**What you have to do**
Exact copy, no pictures: reproduce every record below as it stands.

**Stored data**
>>>>
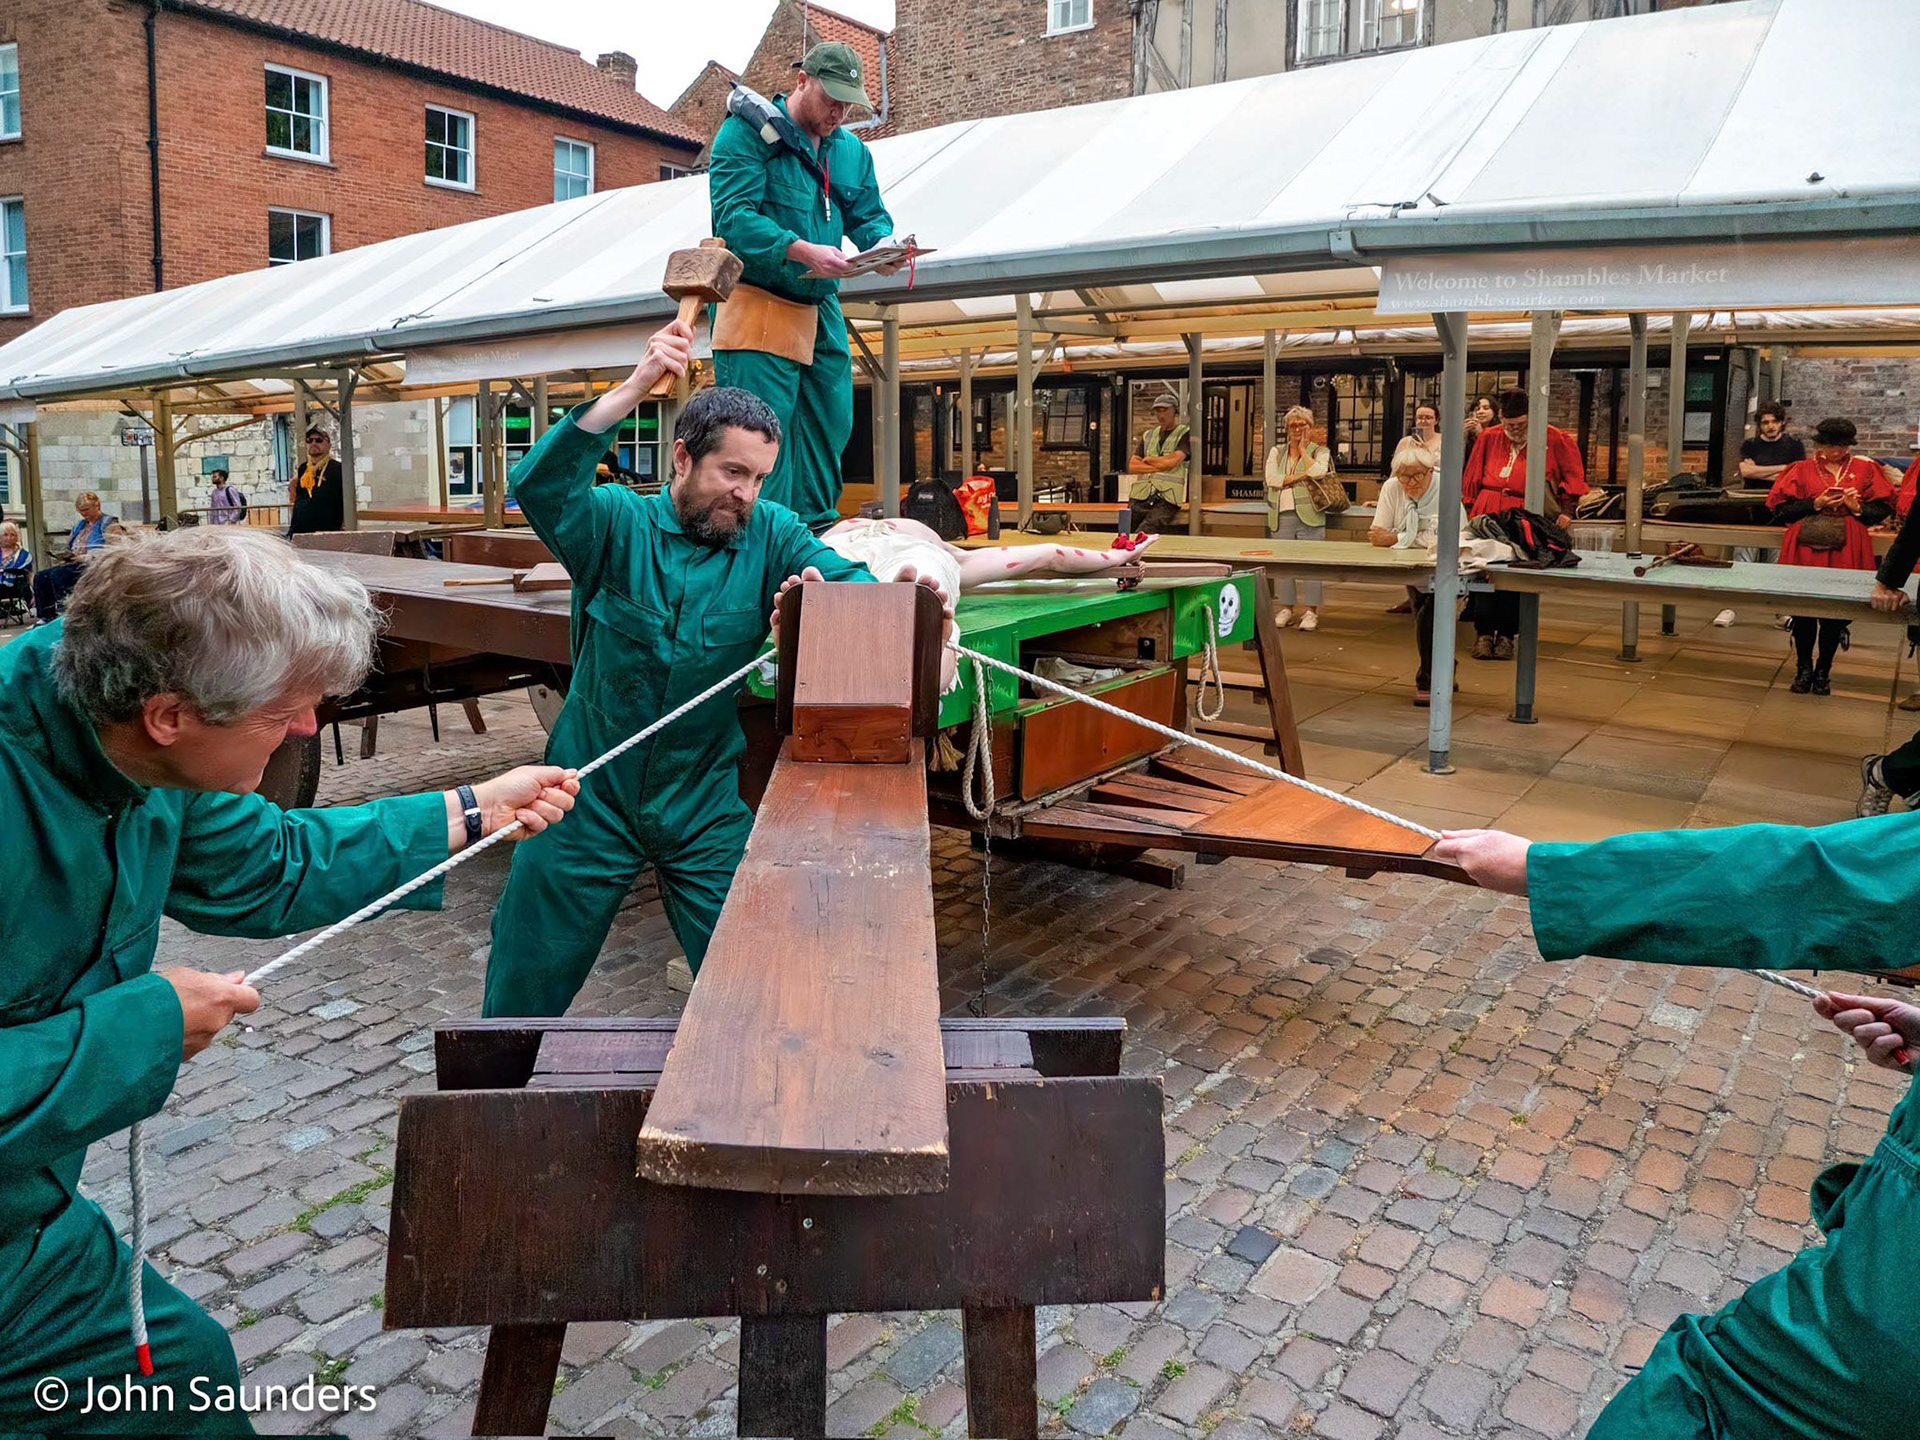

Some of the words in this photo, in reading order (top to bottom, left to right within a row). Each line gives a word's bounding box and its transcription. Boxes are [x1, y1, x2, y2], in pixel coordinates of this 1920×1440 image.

[1395, 273, 1488, 292] Welcome
[1496, 275, 1515, 288] to
[1523, 267, 1630, 287] Shambles
[1638, 264, 1729, 286] Market
[1391, 293, 1605, 308] www.shamblesmarket.com
<<<<
**Your response**
Some of the words in this photo, in reading order (top to bottom, left to right within a row). Each line gives a word's bounding box and its transcription. Boxes are [x1, y1, x2, y2], in pixel coordinates of this 1920×1440 image.

[1395, 273, 1488, 292] Welcome
[1496, 275, 1515, 288] to
[1523, 267, 1630, 287] Shambles
[1638, 264, 1729, 286] Market
[1391, 293, 1605, 308] www.shamblesmarket.com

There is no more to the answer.